Listening to science is paramount in policy making, argues David Primo, the Ani and Mark Gabrellian Professor and a professor of political science and business administration at the University of Rochester in an op-ed for Roll Call, which coincides with Congress’s taking up HR 1, the For the People Act of 2021.

The bill contains elements of campaign finance reform, including stricter disclosure requirements, and a call for a constitutional amendment to overturn the Supreme Court’s Citizens United decision. Yet, the proposed legislation is “riddled with claims that do not hold up when subjected to scientific scrutiny,” argues Primo.

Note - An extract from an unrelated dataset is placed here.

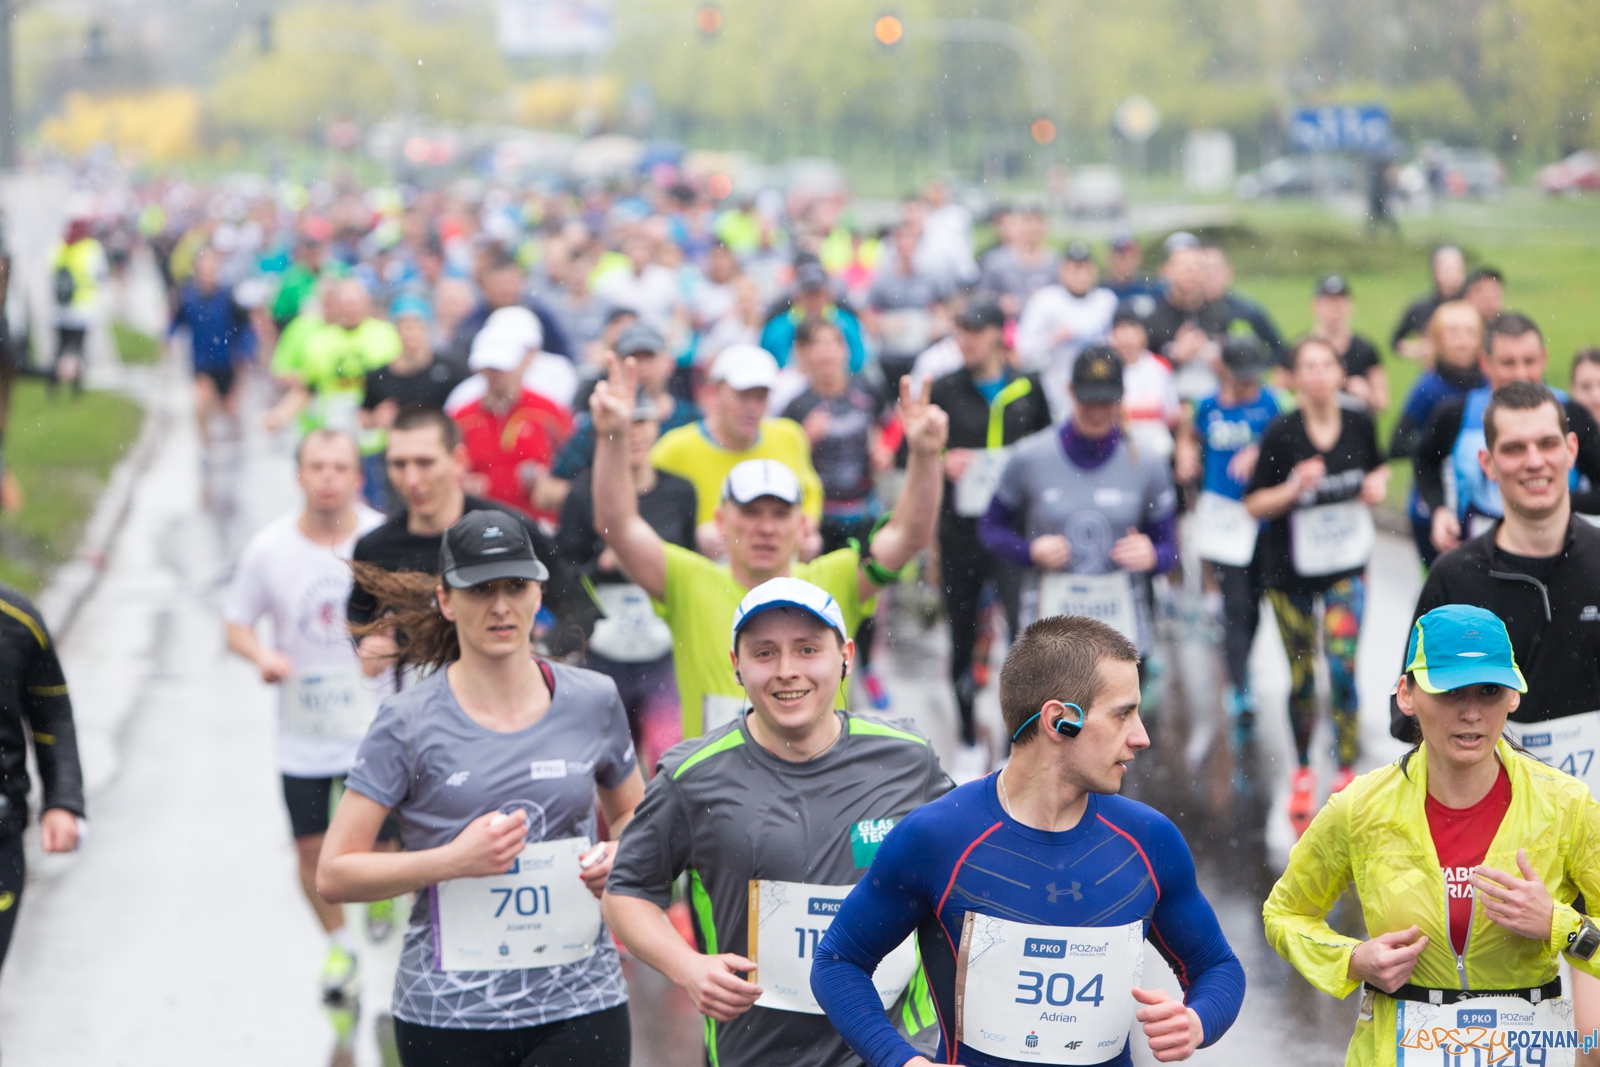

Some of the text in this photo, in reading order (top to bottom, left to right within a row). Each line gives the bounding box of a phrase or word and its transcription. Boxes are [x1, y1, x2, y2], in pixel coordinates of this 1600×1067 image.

Together with Jeffrey Milyo, a professor of economics and chair of the economics department at the University of Missouri, with whom Primo cowrote a recent book, Campaign Finance and American Democracy: What the Public Really Thinks and Why it Matters (University of Chicago Press, 2020), the researchers take issue with the underlying premises that the legislation would “fortify our democracy” against the “torrent of money flowing into our political system,” thereby protecting “the integrity of democracy.”

Instead they point to their own examination of data on attitudes toward money in politics. Their 2020 study showed, they write in the op-ed, “forty years of experimentation with campaign finance reform and virtually no evidence that it actually improves how Americans view their democracy. And decades of social science research on democracy suggests there is no reason to believe that campaign finance reforms, which are themselves the products of a democratic process, are going to improve that process in meaningful ways,” Milyo and Primo write.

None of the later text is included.